MDE clarified that the two systems have different scopes. "The unaccounted-for student form recognizes unexcused absences," Mansfield said; Erickson added that the ADM funding drop is based on 15 consecutive instructional days regardless of whether absences are recorded as excused or unexcused. "Going on vacation for a month ... that enrollment file will drop," Erickson said, and noted an educational connection from the district during the gap can reset the enrollment clock.
Data and limits: MDE staff said real-time tracking is limited by current data systems. Mansfield said MDE is modernizing data infrastructure (Ed-Fi, Compass, MARS integration) but that state-level improvements may take about a year to 18 months. Preliminary counts tied to the new reporting process are incomplete: Mansfield said MDE had received 36 unaccounted-for-student reports so far (not including Hennepin County’s forthcoming submission), of which 13 were for the 2024–25 school year, and that number is expected to rise when Hennepin’s data are added. Erickson also provided historical reference counts: roughly 3,300–3,480 students in fall half-year counts and about 6,000 total in prior full-year edits as a benchmark.

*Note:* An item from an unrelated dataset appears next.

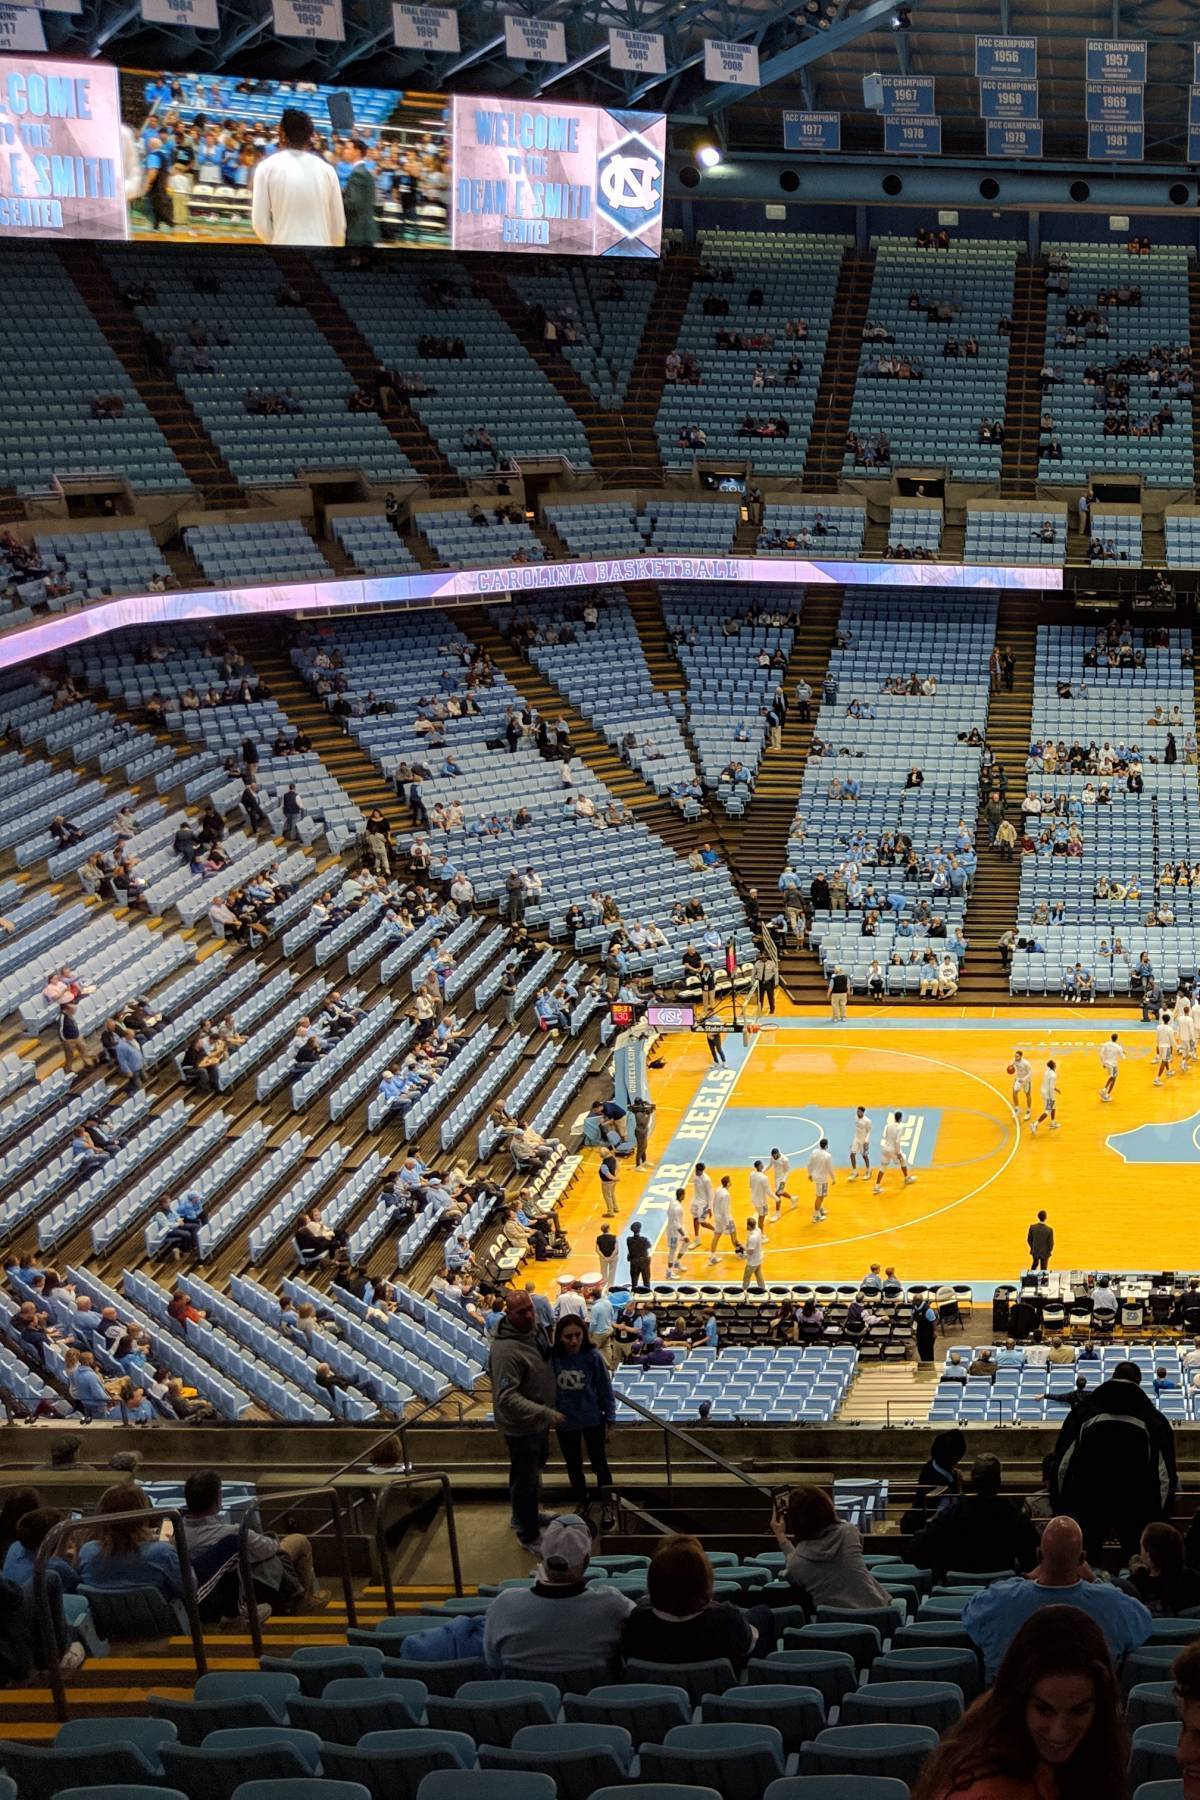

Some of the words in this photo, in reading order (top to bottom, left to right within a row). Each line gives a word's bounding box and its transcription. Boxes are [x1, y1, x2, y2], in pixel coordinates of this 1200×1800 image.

What the committee asked: Members pressed MDE on whether excused absences restart the 15-day clock (Erickson: educational contact resets the enrollment file), on the mechanics of the 90/10 and year-end reconciliation payments, and on whether districts can apply for commissioner-authorized flexible‑year programs to respond to localized disruptions; MDE said inquiries have come in but could not confirm on the record whether formal applications had been filed.
What’s next: MDE said it will provide updated counts after the April statewide edit and will continue to accept district questions about estimates and reconciliation. The department recommended that districts monitor enrollment volatility and reach out to MDE if estimates look inaccurate to request an adjustment.
Minutes: The committee earlier adopted minutes from its Feb. 24 meeting; that procedural motion was moved during the opening of the hearing.